A light seemed to break before his blinded eyes. Victory! Victory! It was the light from heaven! He stared forward to welcome it. The brink of the precipice? What was that to such as he? He would spread his wings--for once--at last--thus! thus! and fly forward on full pinions to his expected triumph!
He raised both arms above his head, and spread them out as if for flight. His knees trembled fearfully. His fingers quivered. Then he launched himself on the air and fell. His eyes closed half-way. He lost consciousness. He fainted. Before he had reached the bottom he was wholly insensible.

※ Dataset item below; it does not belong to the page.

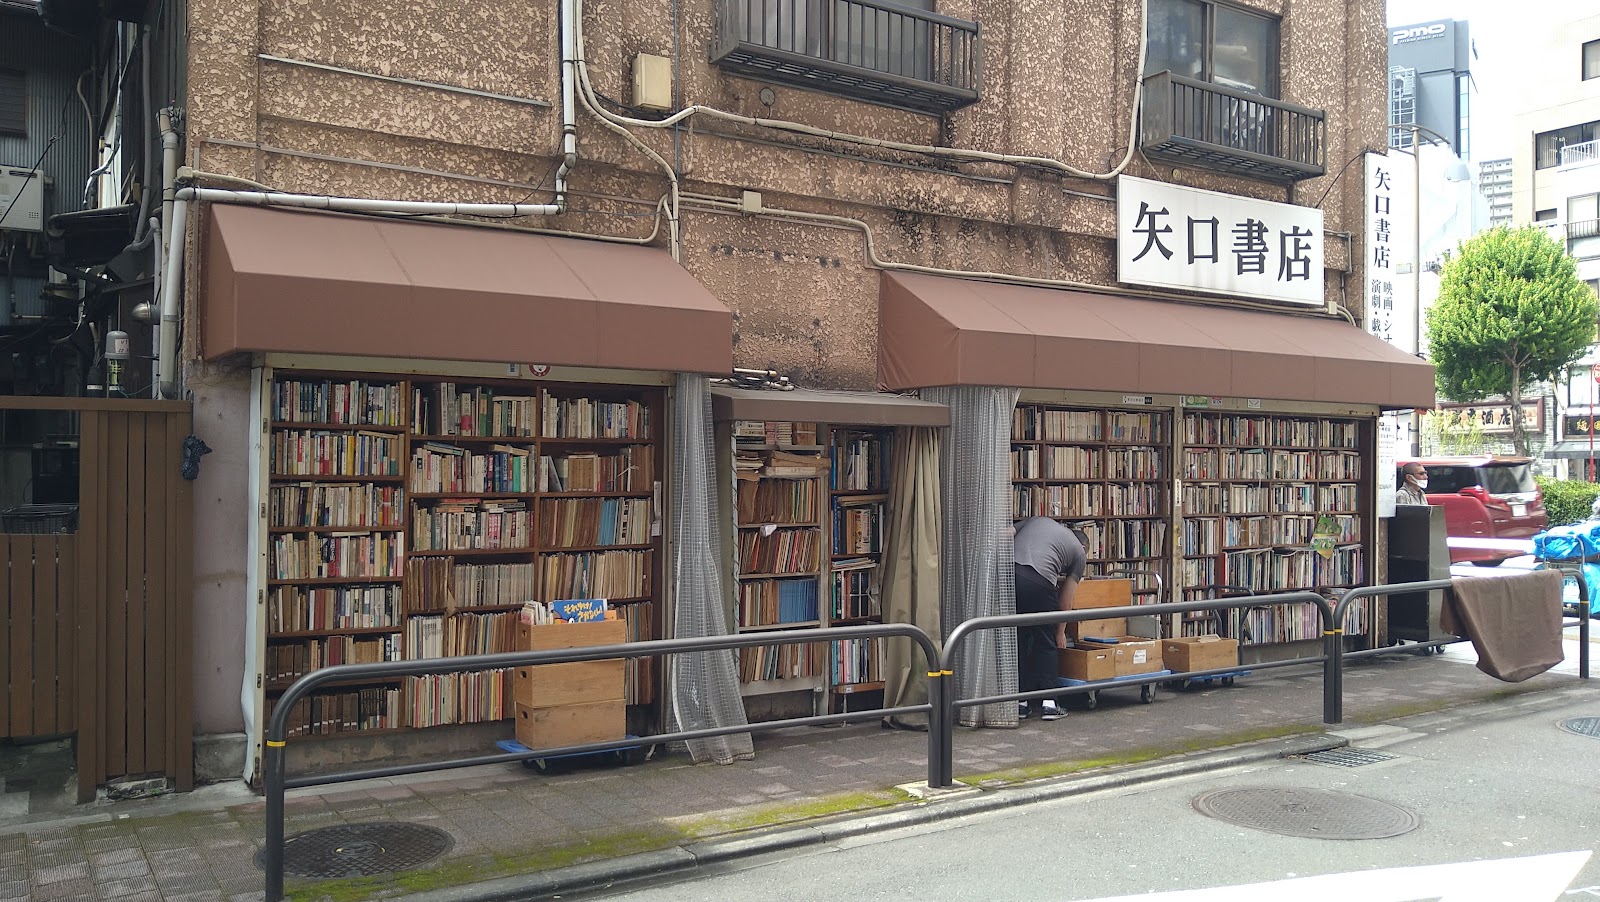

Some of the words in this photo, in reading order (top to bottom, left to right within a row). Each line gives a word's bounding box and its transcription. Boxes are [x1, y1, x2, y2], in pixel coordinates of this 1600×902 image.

Next day it was known before noon in London that a strange and inexplicable accident had befallen Mr. Michael Trevennack C.M.G., the well-known Admiralty official, on the moor near Ivybridge. Mr. Trevennack, it seemed, had started by the Cornish express for Falmouth, on official business; but the line being blocked between Ivybridge and Plymouth, he had changed his plans and set out to walk, as was conjectured, by a devious path across the moor to Tavistock. Deceased knew the neighborhood well, and was an enthusiastic admirer of its tors and uplands. But fog coming on, the unfortunate gentleman, it was believed, had lost his way, and tried to shelter himself for a time behind a tall peak of rock which he used frequently to visit during his summer holidays. There he was apparently attacked by a savage moorland ram--one of that wild breed of mountain sheep peculiar to Dartmoor, and famous for the strength and ferocity often displayed by the fathers of the flock. Mr. Trevennack was unarmed, and a terrible fight appeared to have taken place between these ill-matched antagonists on the summit of the rocks, full details of which, the Telegram said in its curt business-like way, were too ghastly for publication. After a long and exhausting struggle, however, the combatants must either have slipped on the wet surface and tumbled over the edge of the rocks together in a deadly grapple, or else, as seemed more probable from the positions in which the bodies were found, the unhappy gentleman had just succeeded in flinging his assailant over, and then, faint from loss of blood, had missed his footing and fallen beside his dead antagonist. At any rate, when the corpse was discovered life had been extinct for several hours; and it was the opinion of the medical authorities who conducted the post- mortem that death was due not so much to the injuries themselves as to asphyxiation in the act of falling.
* * *
The jury found it "Death from accidental circumstances." Cleer never knew more than that her father had met his end by walking over the edge of a cliff on Dartmoor.
* * *
But when the body came home for burial, Dr. Yate-Westbury looked in by Mrs. Trevennack's special request, and performed an informal and private examination of the brain and nervous system. At the close of the autopsy he came down to the drawing-room where the silver-haired lady sat pale and tearful, but courageous. "It is just as I thought," he said; "a clot of blood, due to external injury, has pressed for years above the left frontal region, causing hallucinations and irregularities of a functional character only. You needn't have the slightest fear of its proving hereditary. It's as purely accidental as a sprain or a wound. Your daughter, Mrs. Le Neve, couldn't possibly suffer for it."
And neither Cleer nor Le Neve nor anyone else ever shared that secret of Trevennack's delusions with his wife and the doctor.